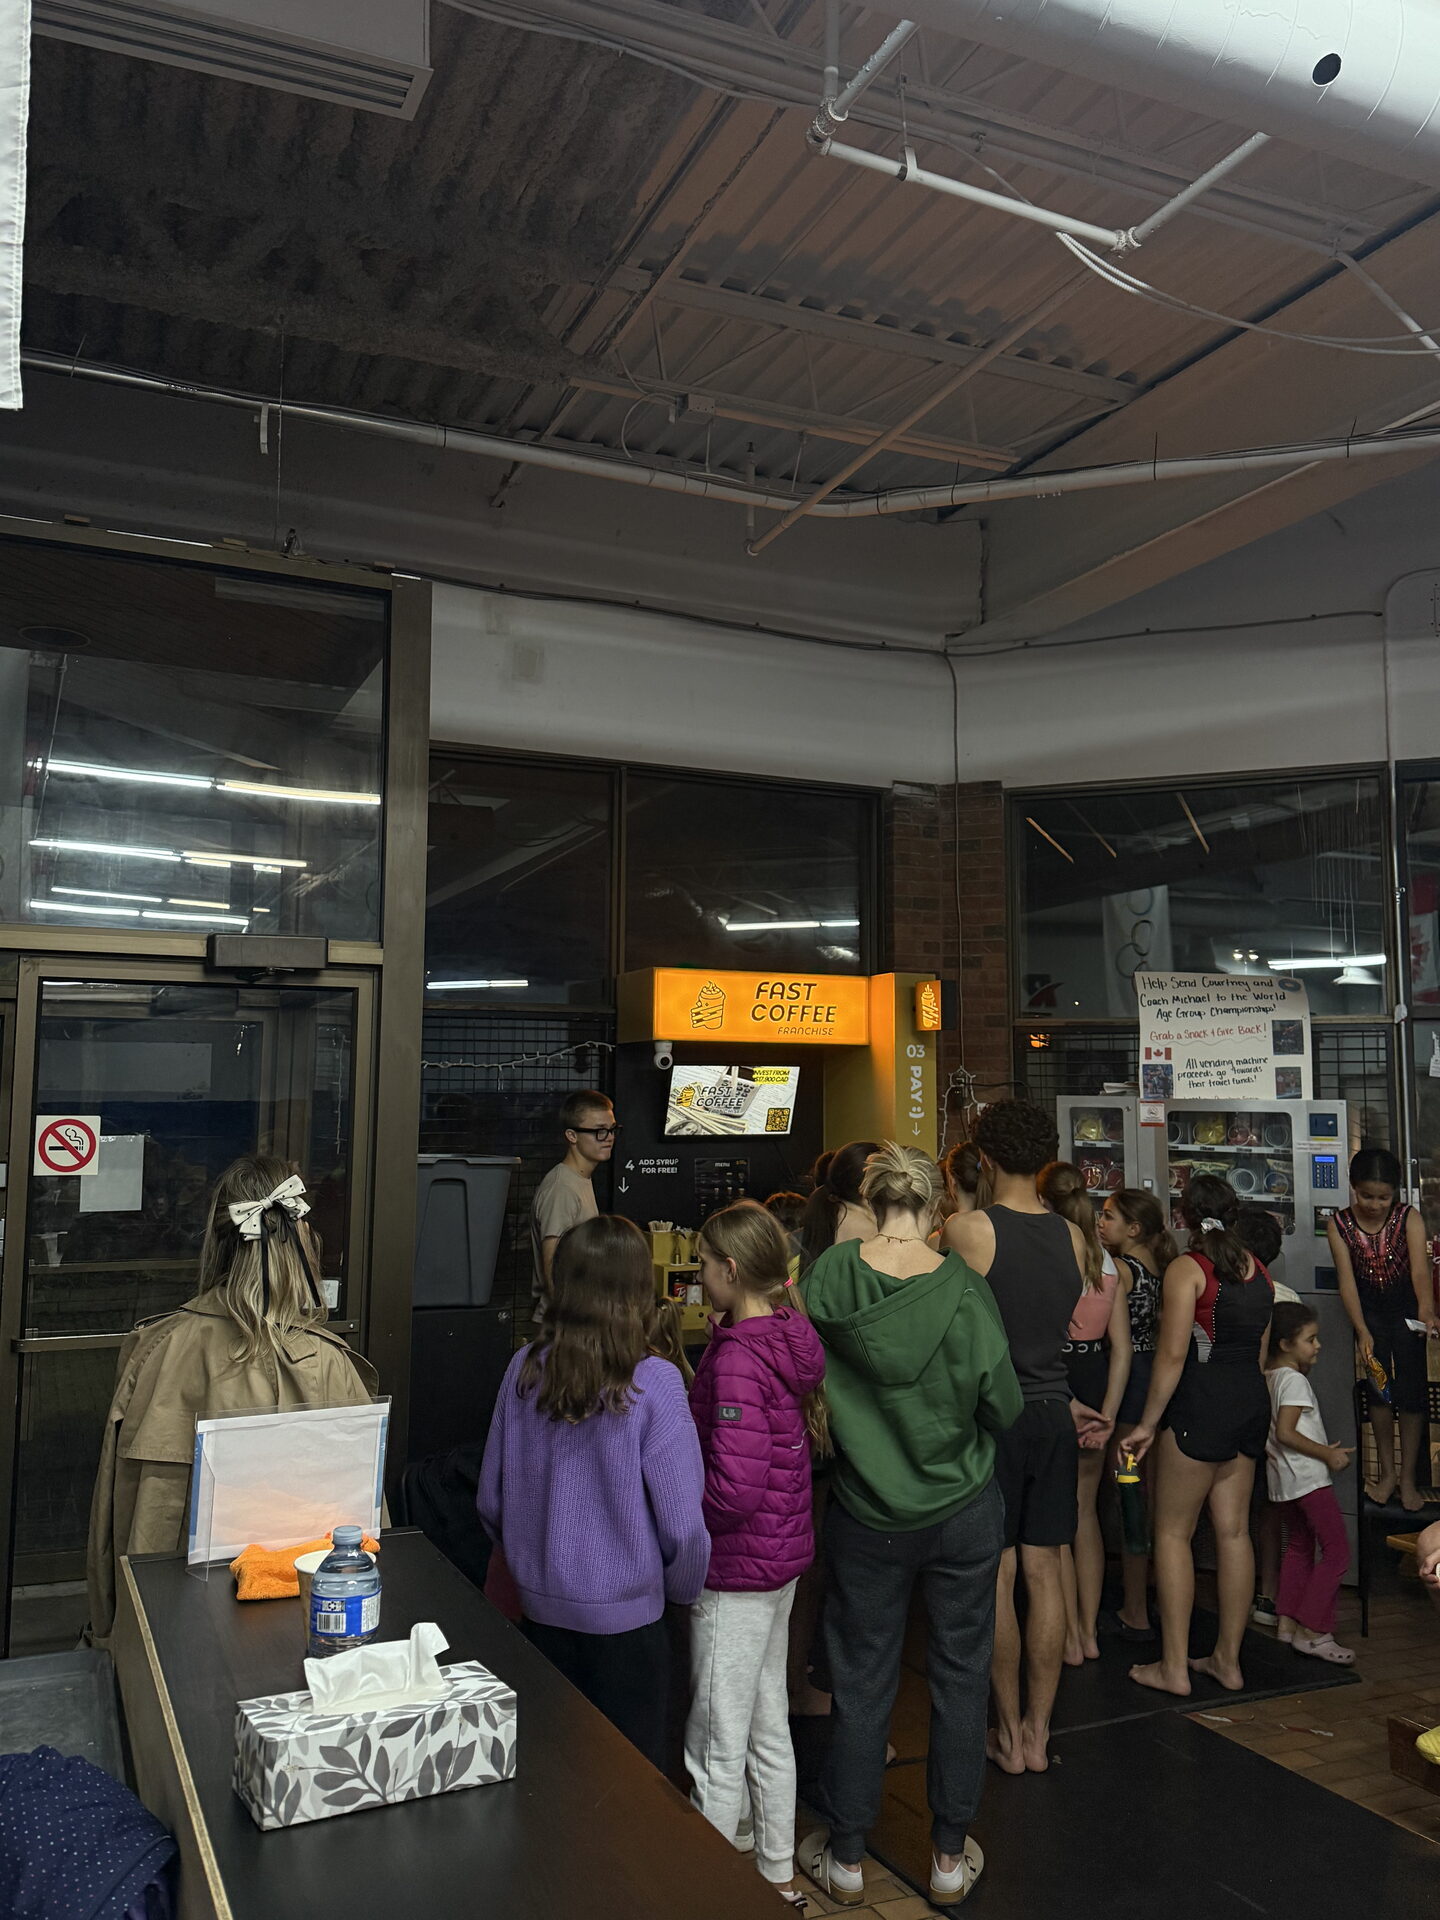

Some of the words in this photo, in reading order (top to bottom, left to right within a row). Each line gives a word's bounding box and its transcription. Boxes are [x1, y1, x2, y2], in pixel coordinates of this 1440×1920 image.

[1142, 976, 1168, 990] Help
[1171, 976, 1197, 989] Send
[1202, 976, 1251, 992] Courtney
[1253, 979, 1274, 987] and
[755, 981, 817, 1001] FAST
[1140, 993, 1169, 1007] Coach
[1172, 993, 1210, 1004] Michael
[1217, 993, 1227, 1001] to
[1231, 993, 1248, 1001] the
[1253, 992, 1287, 1001] World
[751, 1004, 837, 1023] COFFEE
[1156, 1008, 1173, 1022] Age
[1176, 1007, 1206, 1020] Group
[777, 1026, 834, 1036] FRANCHISE
[1150, 1030, 1175, 1041] Grab
[1184, 1029, 1209, 1040] Snack
[1216, 1027, 1234, 1037] Give
[906, 1044, 926, 1058] 03
[1185, 1058, 1198, 1069] All
[1199, 1059, 1234, 1069] vending
[1235, 1057, 1268, 1066] machine
[1177, 1070, 1213, 1081] proceeds
[1216, 1070, 1227, 1080] go
[910, 1065, 923, 1104] PAY
[1188, 1080, 1206, 1088] their
[1208, 1079, 1231, 1087] travel
[700, 1086, 733, 1095] FAST
[696, 1097, 744, 1107] COFFEE
[625, 1160, 636, 1171] 4
[656, 1158, 680, 1166] SYRUP
# # # # # # #
*What the exercise asks*: A word-for-word copy of the records above is needed, pictures excluded.

*Answer for the task*:
Some of the words in this photo, in reading order (top to bottom, left to right within a row). Each line gives a word's bounding box and its transcription. Boxes are [x1, y1, x2, y2], in pixel coordinates of this 1440×1920 image.

[1142, 976, 1168, 990] Help
[1171, 976, 1197, 989] Send
[1202, 976, 1251, 992] Courtney
[1253, 979, 1274, 987] and
[755, 981, 817, 1001] FAST
[1140, 993, 1169, 1007] Coach
[1172, 993, 1210, 1004] Michael
[1217, 993, 1227, 1001] to
[1231, 993, 1248, 1001] the
[1253, 992, 1287, 1001] World
[751, 1004, 837, 1023] COFFEE
[1156, 1008, 1173, 1022] Age
[1176, 1007, 1206, 1020] Group
[777, 1026, 834, 1036] FRANCHISE
[1150, 1030, 1175, 1041] Grab
[1184, 1029, 1209, 1040] Snack
[1216, 1027, 1234, 1037] Give
[906, 1044, 926, 1058] 03
[1185, 1058, 1198, 1069] All
[1199, 1059, 1234, 1069] vending
[1235, 1057, 1268, 1066] machine
[1177, 1070, 1213, 1081] proceeds
[1216, 1070, 1227, 1080] go
[910, 1065, 923, 1104] PAY
[1188, 1080, 1206, 1088] their
[1208, 1079, 1231, 1087] travel
[700, 1086, 733, 1095] FAST
[696, 1097, 744, 1107] COFFEE
[625, 1160, 636, 1171] 4
[656, 1158, 680, 1166] SYRUP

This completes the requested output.